* _Exercise data_:
= Beginning of Section =

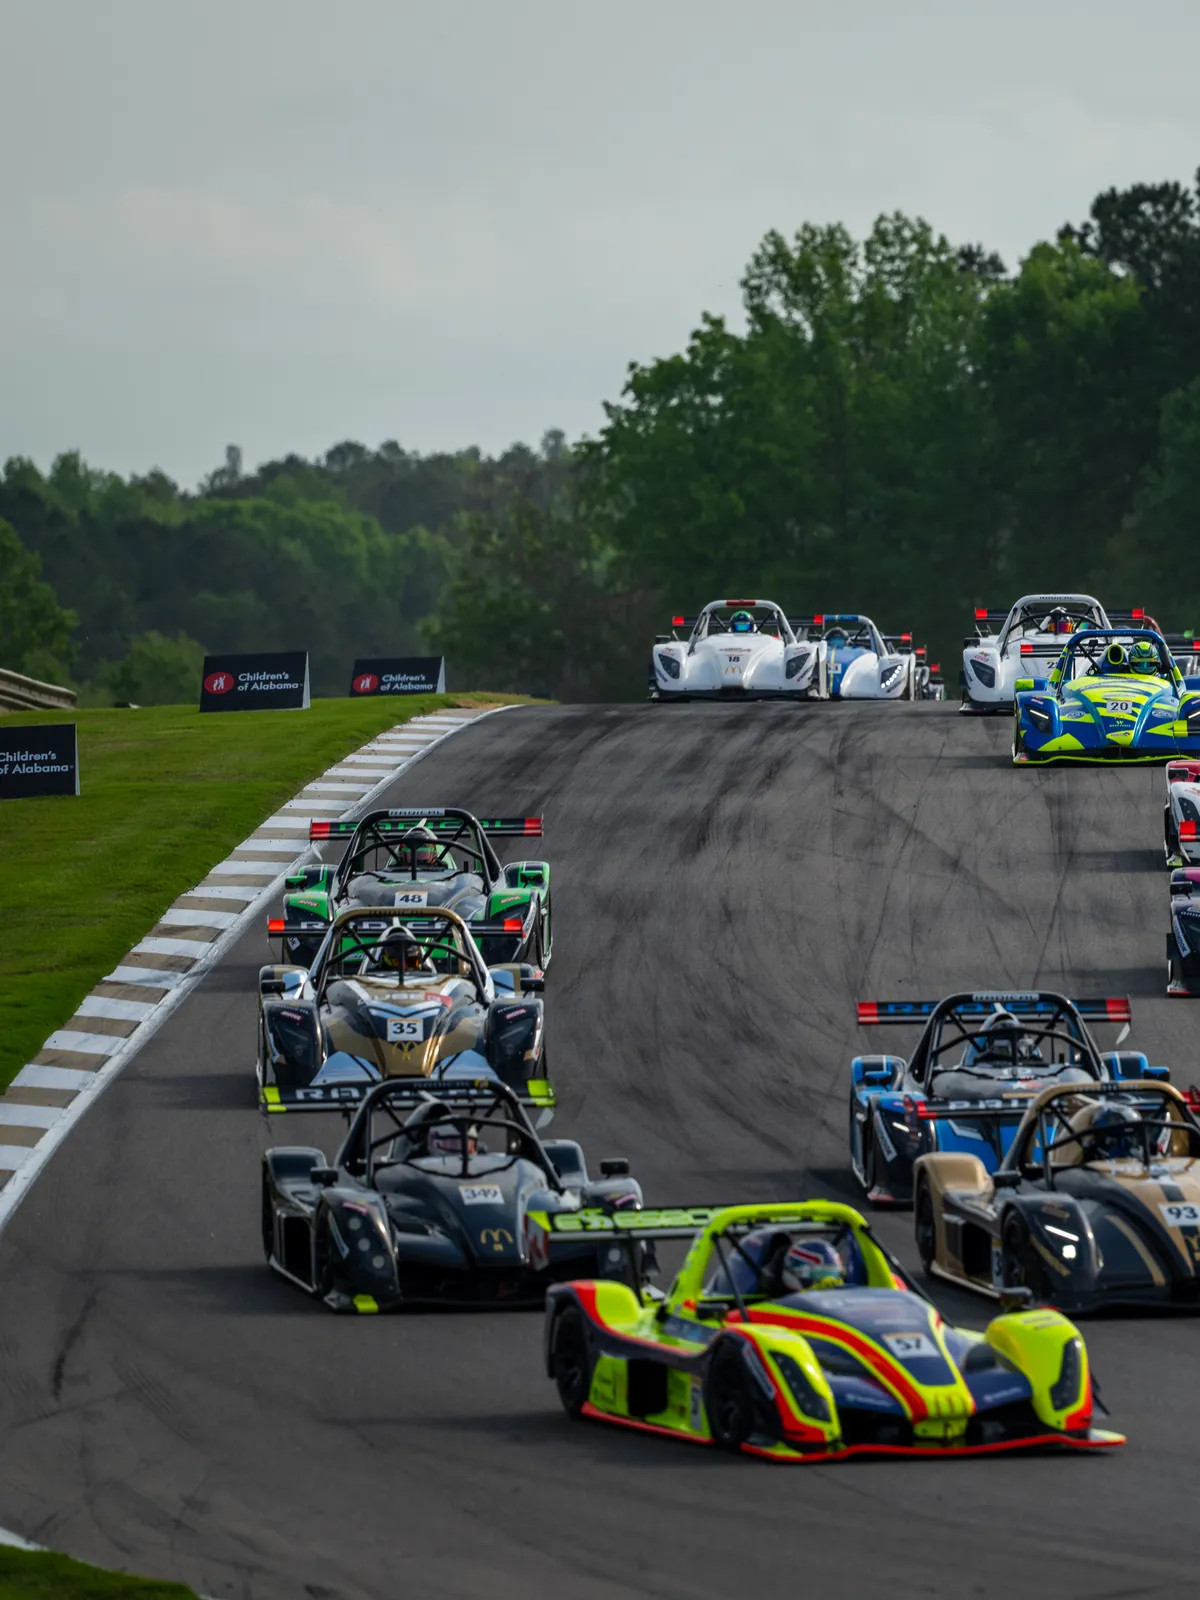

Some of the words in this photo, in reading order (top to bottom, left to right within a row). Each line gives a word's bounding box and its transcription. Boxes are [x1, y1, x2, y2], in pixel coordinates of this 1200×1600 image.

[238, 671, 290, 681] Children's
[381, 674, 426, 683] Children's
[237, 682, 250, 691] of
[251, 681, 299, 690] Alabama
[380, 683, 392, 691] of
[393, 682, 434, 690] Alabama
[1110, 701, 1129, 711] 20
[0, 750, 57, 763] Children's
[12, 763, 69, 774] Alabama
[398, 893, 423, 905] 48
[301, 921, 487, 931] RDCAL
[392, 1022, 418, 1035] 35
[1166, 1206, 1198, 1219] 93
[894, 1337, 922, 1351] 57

= End of Section =

* _Task objective_:
The material above should be returned exactly, without pictures.

* _Output of the task_:
Some of the words in this photo, in reading order (top to bottom, left to right within a row). Each line gives a word's bounding box and its transcription. Boxes are [x1, y1, x2, y2], in pixel coordinates of this 1200×1600 image.

[238, 671, 290, 681] Children's
[381, 674, 426, 683] Children's
[237, 682, 250, 691] of
[251, 681, 299, 690] Alabama
[380, 683, 392, 691] of
[393, 682, 434, 690] Alabama
[1110, 701, 1129, 711] 20
[0, 750, 57, 763] Children's
[12, 763, 69, 774] Alabama
[398, 893, 423, 905] 48
[301, 921, 487, 931] RDCAL
[392, 1022, 418, 1035] 35
[1166, 1206, 1198, 1219] 93
[894, 1337, 922, 1351] 57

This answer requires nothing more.